Currie is unequivocal about one thing, though – however we achieve, it, a shift is needed.
“A lot of health professionals are afraid of being political, and I think the changes we’re seeing in the NHS and in public health could be testament to the medical profession being too slow to respond. People say “the healthcare service isn’t political, we don’t like being political” but the health service, of all public sector bodies, is the most political organisation you could ever come across. We need healthcare professionals to realise that it’s OK to be political, it’s OK to be outspoken – and that doesn’t just include your hospital, the things that impact your life on a daily basis, but engaging with the wider issues.”
“We need healthcare professionals to realise that it’s OK to be political”

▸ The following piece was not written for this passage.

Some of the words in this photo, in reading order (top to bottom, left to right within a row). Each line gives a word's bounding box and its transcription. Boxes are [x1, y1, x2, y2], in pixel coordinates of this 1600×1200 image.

However, Currie admits that the responsibility doesn’t lie entirely with medical professionals. The “messiness” of health inequalities themselves presents another barrier to Currie’s vision:
“Even if every healthcare professional was 100% engaged and ready to follow some grand plan to address inequalities, at the moment no one’s quite got their head round the best way to do this in practice. Should doctors just quietly acknowledge that social problems lead people to end up in hospital, but concentrate on dealing with the end result and hope that someone else – social services, the government – will deal with the rest? Or should they point out that they’re seeing this all the time but can only do something about it at a late stage, and that it needs to be dealt with upstream?”

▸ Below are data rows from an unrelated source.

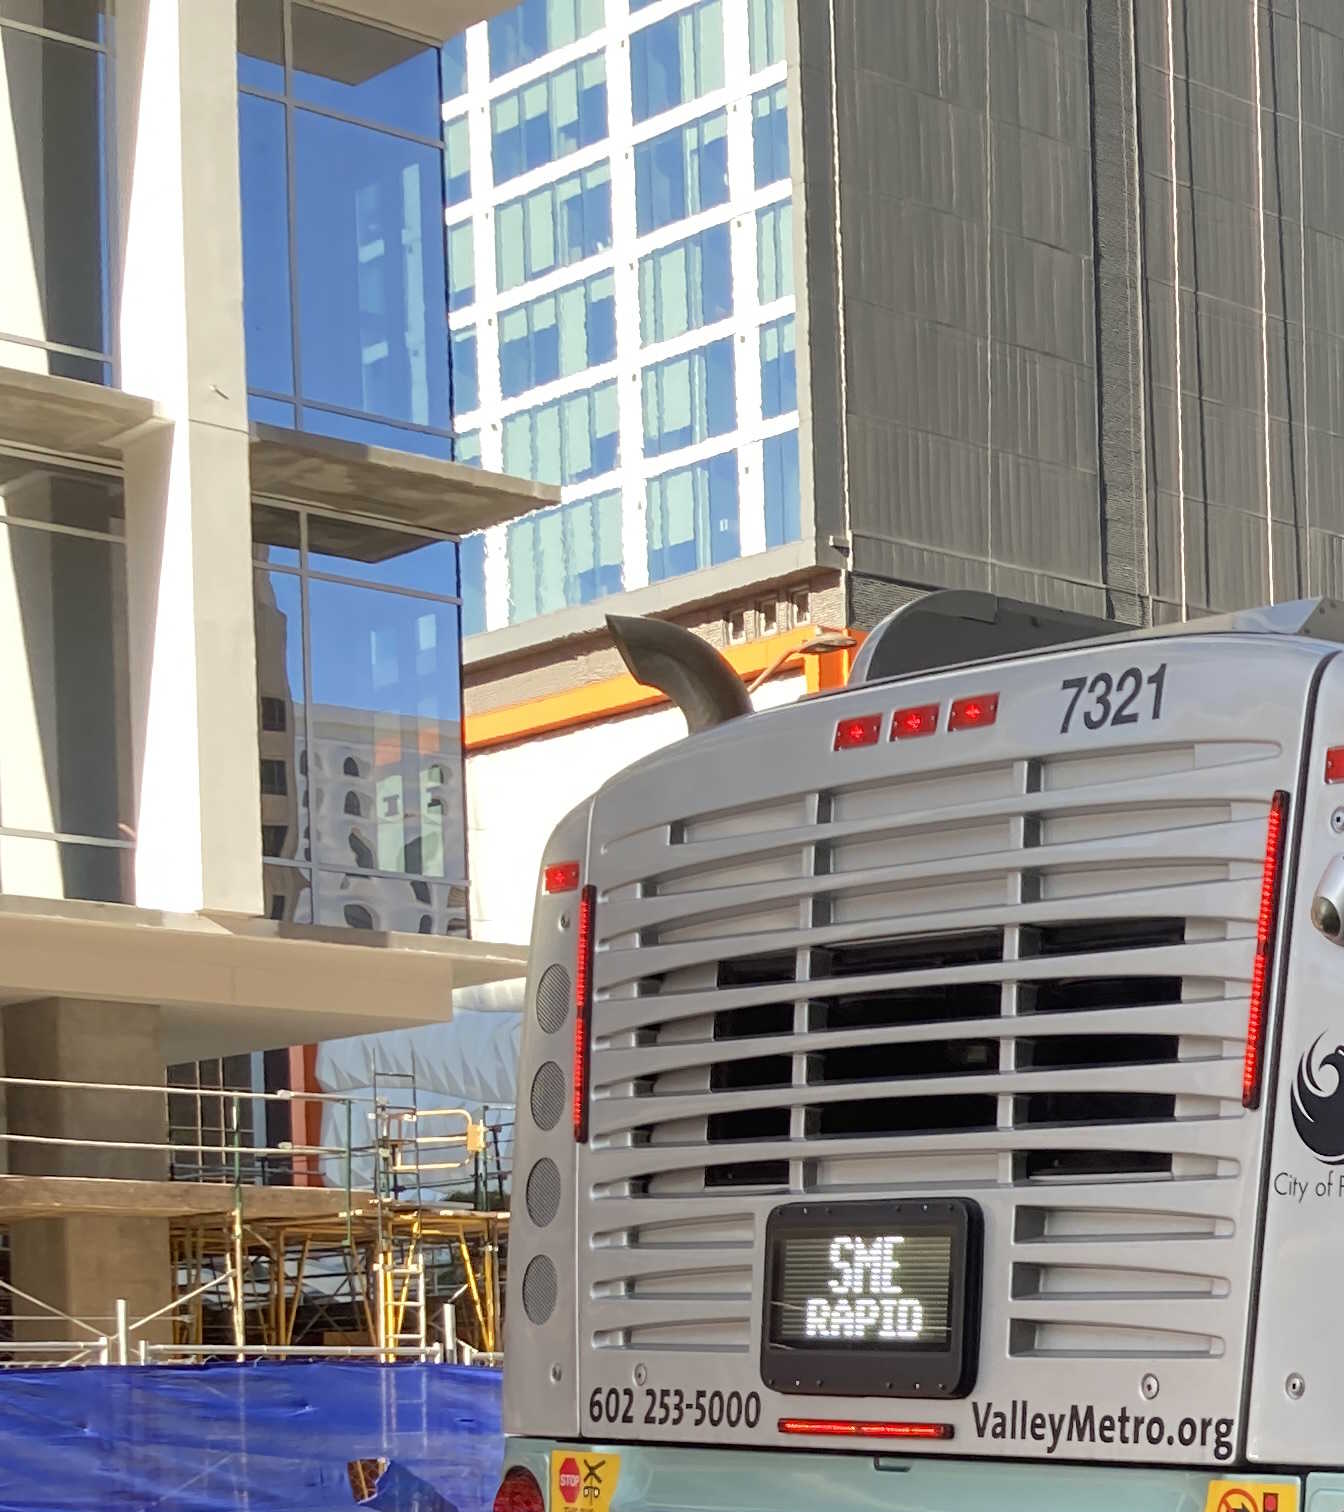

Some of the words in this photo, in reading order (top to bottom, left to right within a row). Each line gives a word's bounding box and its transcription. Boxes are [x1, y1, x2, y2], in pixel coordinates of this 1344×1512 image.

[1061, 662, 1167, 734] 7321
[1274, 1171, 1308, 1204] City
[1315, 1170, 1333, 1197] of
[828, 1236, 904, 1294] SME
[805, 1298, 923, 1337] RAPID
[589, 1387, 634, 1424] 602
[644, 1388, 762, 1429] 253-5000
[972, 1400, 1234, 1461] ValleyMetro.org
[560, 1474, 580, 1487] STOP

Some knotty questions, certainly, which should make for fascinating research. Currie, luckily, seems optimistic at the prospect of getting stuck into these big questions, rather than fazed by their enormity. A large part of this is his feeling that change is already happening. Although scathing of “imperialistic” gap-year tourism, Currie believes that campaigning organisations such as Medsin and a growth in global health programmes at university have contributed to a “huge groundswell of these people who think about health differently”, who can effect real change:
“I think they’re quite an influential body, and it’s them who are changing medicine for the better. When they’ve seen that they can influence not only their level but higher up, they seem to get much more confident in their ability to affect things, more strategic. And that’s how they should feel, that’s the question they should be asking: “I’ve got a vision of how I want the world to be, and the world’s currently like this, how can I connect the two?” And that’s not just about convincing these students they can be the health minister, or the president of the BMA. It’s about getting them to realise how they can engage and how they can change things from where they are.”